What is the difference between the two process function calls?

std::shared_ptr<int> p(new int(42));
// process(std::shared_ptr<int>(p));
// process(std::shared_ptr<int>(p.get()));

Can you explain what exactly happens in both calls?
I can’t figure out what the get method is for

My thoughts:
As I understand it, the first call to the process function passes it a temporary pointer shared_ptr, which points to int, just like the p pointer. Inside the process function the counter will be 2, after leaving the function, p will be the only pointer and the counter will be 1. Everything seems to be correct.

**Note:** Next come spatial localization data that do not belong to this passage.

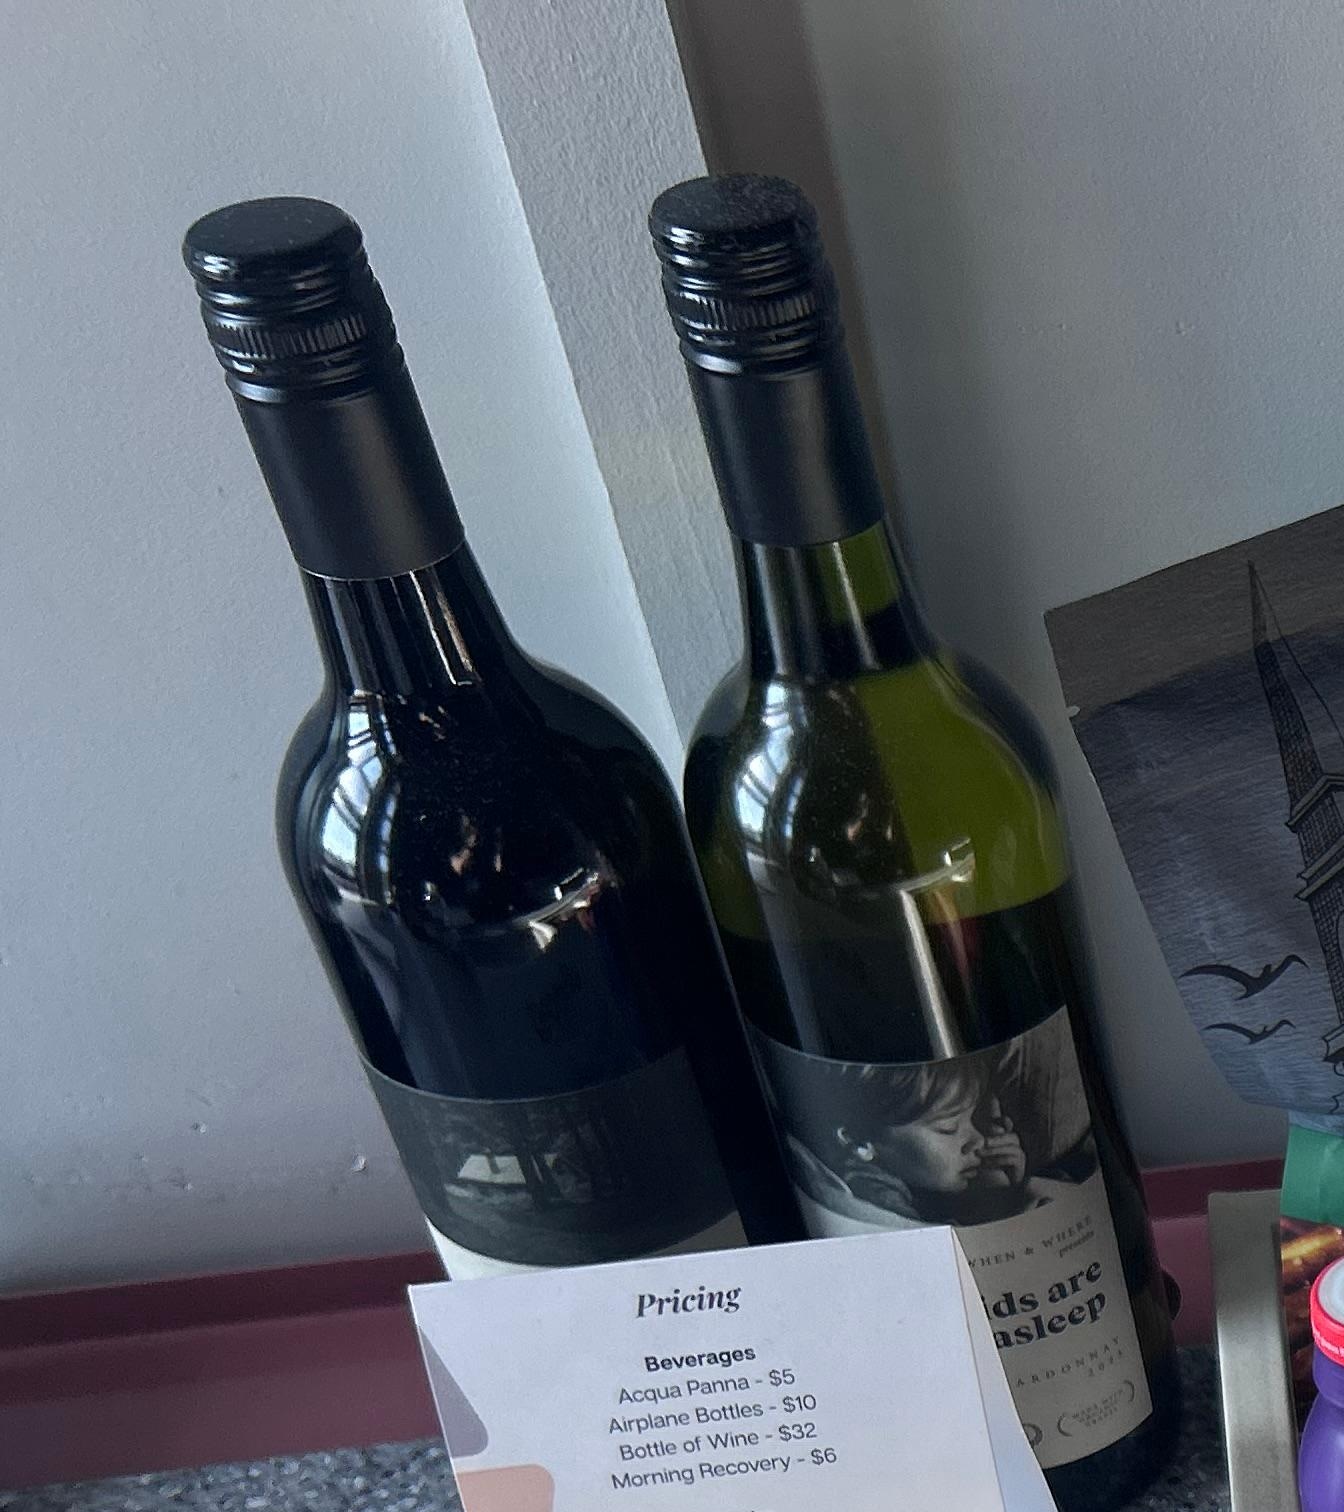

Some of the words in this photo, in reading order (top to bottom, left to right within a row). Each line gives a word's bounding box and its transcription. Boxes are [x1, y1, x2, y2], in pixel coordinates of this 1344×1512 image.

[636, 1285, 741, 1318] Pricing
[1048, 1262, 1102, 1303] are
[993, 1293, 1105, 1349] asleep
[645, 1347, 756, 1372] Beverages
[619, 1384, 682, 1405] Acqua
[687, 1376, 750, 1396] Panna
[769, 1368, 795, 1387] $5
[609, 1411, 690, 1435] Airplane
[695, 1402, 764, 1424] Bottles
[782, 1394, 817, 1413] $10
[619, 1441, 677, 1461] Bottle
[683, 1436, 701, 1453] of
[707, 1430, 760, 1450] Wine
[779, 1422, 817, 1442] $32
[611, 1467, 694, 1490] Morning
[700, 1455, 791, 1479] Recovery
[811, 1447, 837, 1466] $6

Correct me if I’m wrong

What happens in the second case is not clear to me and I’d like to figure it out.

>Solution :

Lets illustrate it:

You create a pointer to an int value:

int* p1 = new int(some_value);

That will look something like this:

+----+      +------------------+
| p1 | ---> | int (some_value) |
+----+      +------------------+

Then what you’re doing is creating a second pointer, initialized to point to the same location:

int* p2 = p1;

That will then look something like this:

+----+
| p1 | -\
+----+  |    +------------------+
         >-> | int (some_value) |
+----+  |    +------------------+
| p2 | -/
+----+

This is really what happens when you do shared_ptr<int>(p.get()).

Now lets delete the second pointer:

delete p2;

This deletion is what happens when the temporary shared object is destructed. And that leaves you with this:

+----+      
| p1 | ---> ???
+----+      

because the memory allocated for p1 was deleted using p2.

---

With your code you create two distinct and different pointers, that both point to the same memory but which don’t share any state. Both the smart pointers will think they have exclusive ownership of the memory, and they don’t know anything about each other.